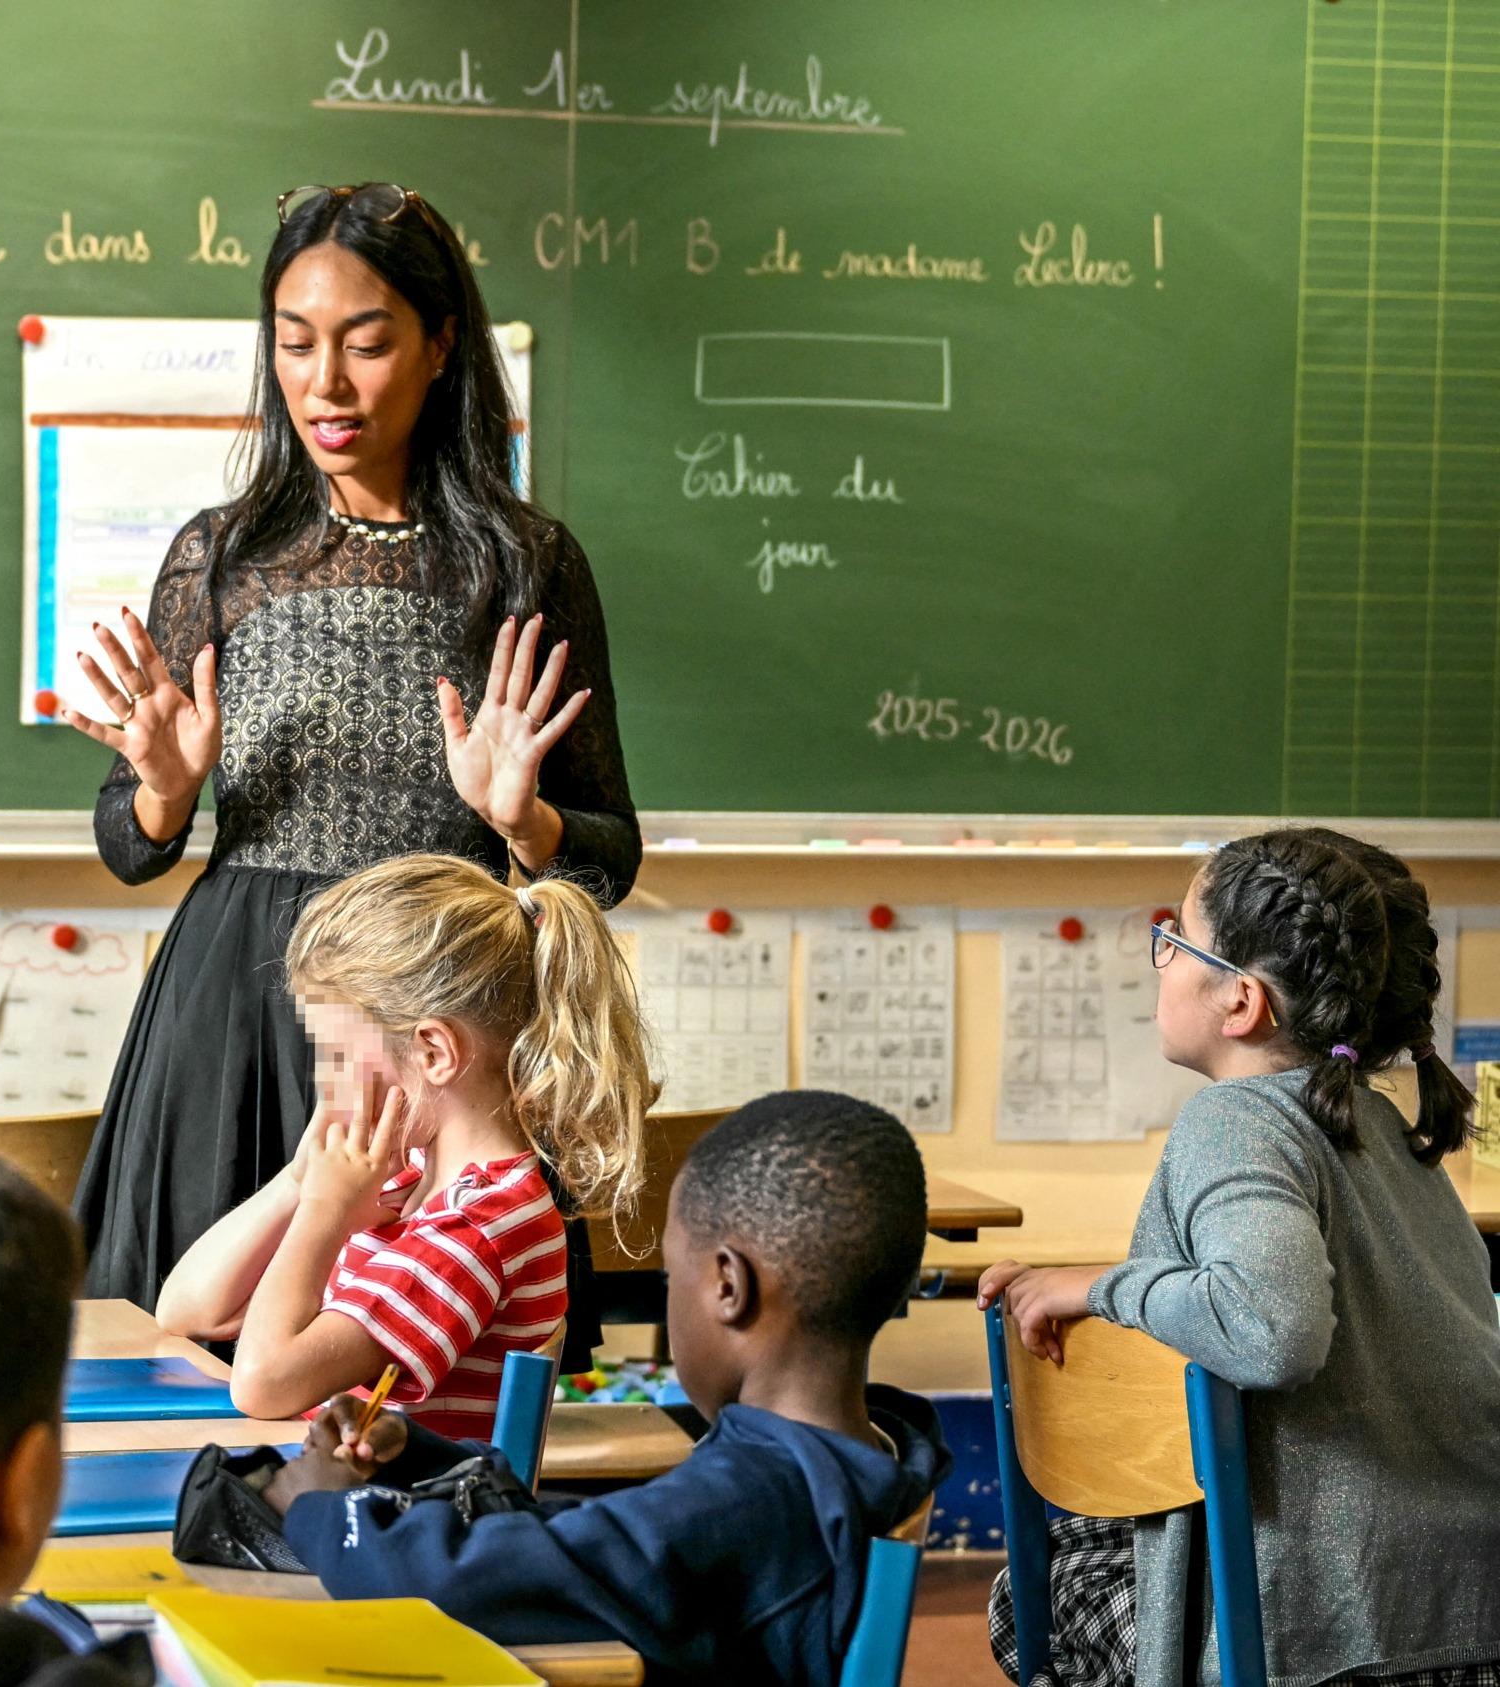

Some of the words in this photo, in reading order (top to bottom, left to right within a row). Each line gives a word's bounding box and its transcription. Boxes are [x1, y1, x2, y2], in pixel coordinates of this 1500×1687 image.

[324, 28, 494, 103] Lundi
[523, 50, 614, 110] 1er
[652, 54, 882, 148] septembre
[43, 210, 151, 265] dans
[188, 197, 252, 267] la
[533, 210, 638, 272] CM1
[686, 217, 721, 275] B
[744, 227, 803, 277] de
[822, 242, 989, 283] madame
[1013, 220, 1136, 289] Leclerc
[674, 431, 802, 501] Cahier
[831, 454, 906, 504] du
[746, 517, 841, 595] jour
[866, 688, 1074, 766] 2025-2026
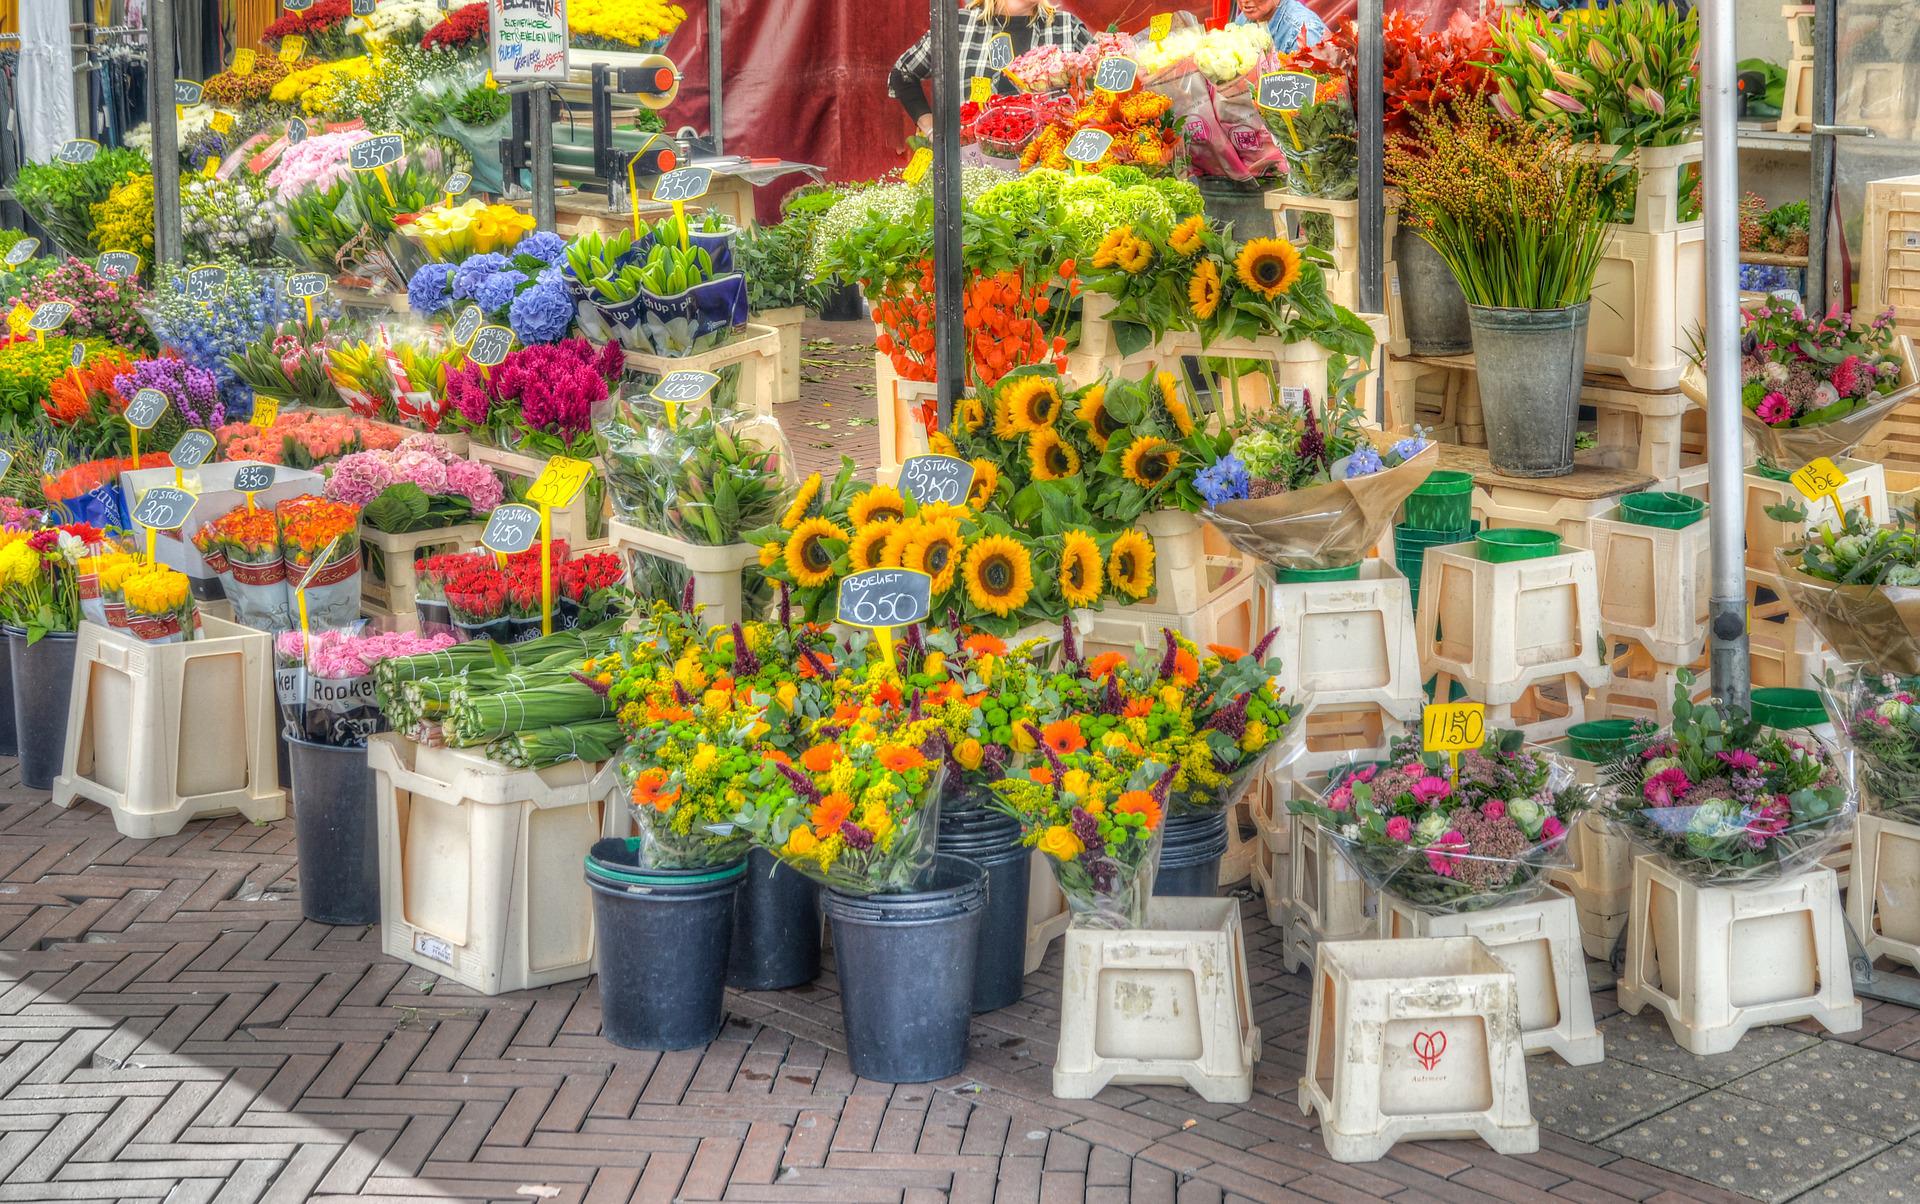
☆ ☆ ☆ ☆ ☆
### Work item
Your task is to repeat the entries above exactly, omitting the pictures.

### The completed task
Some of the words in this photo, in reading order (top to bottom, left to right within a row). Each line gives a word's bounding box and its transcription. Boxes are [x1, y1, x2, y2], in pixel coordinates of this 1500×1687 image.

[324, 28, 494, 103] Lundi
[523, 50, 614, 110] 1er
[652, 54, 882, 148] septembre
[43, 210, 151, 265] dans
[188, 197, 252, 267] la
[533, 210, 638, 272] CM1
[686, 217, 721, 275] B
[744, 227, 803, 277] de
[822, 242, 989, 283] madame
[1013, 220, 1136, 289] Leclerc
[674, 431, 802, 501] Cahier
[831, 454, 906, 504] du
[746, 517, 841, 595] jour
[866, 688, 1074, 766] 2025-2026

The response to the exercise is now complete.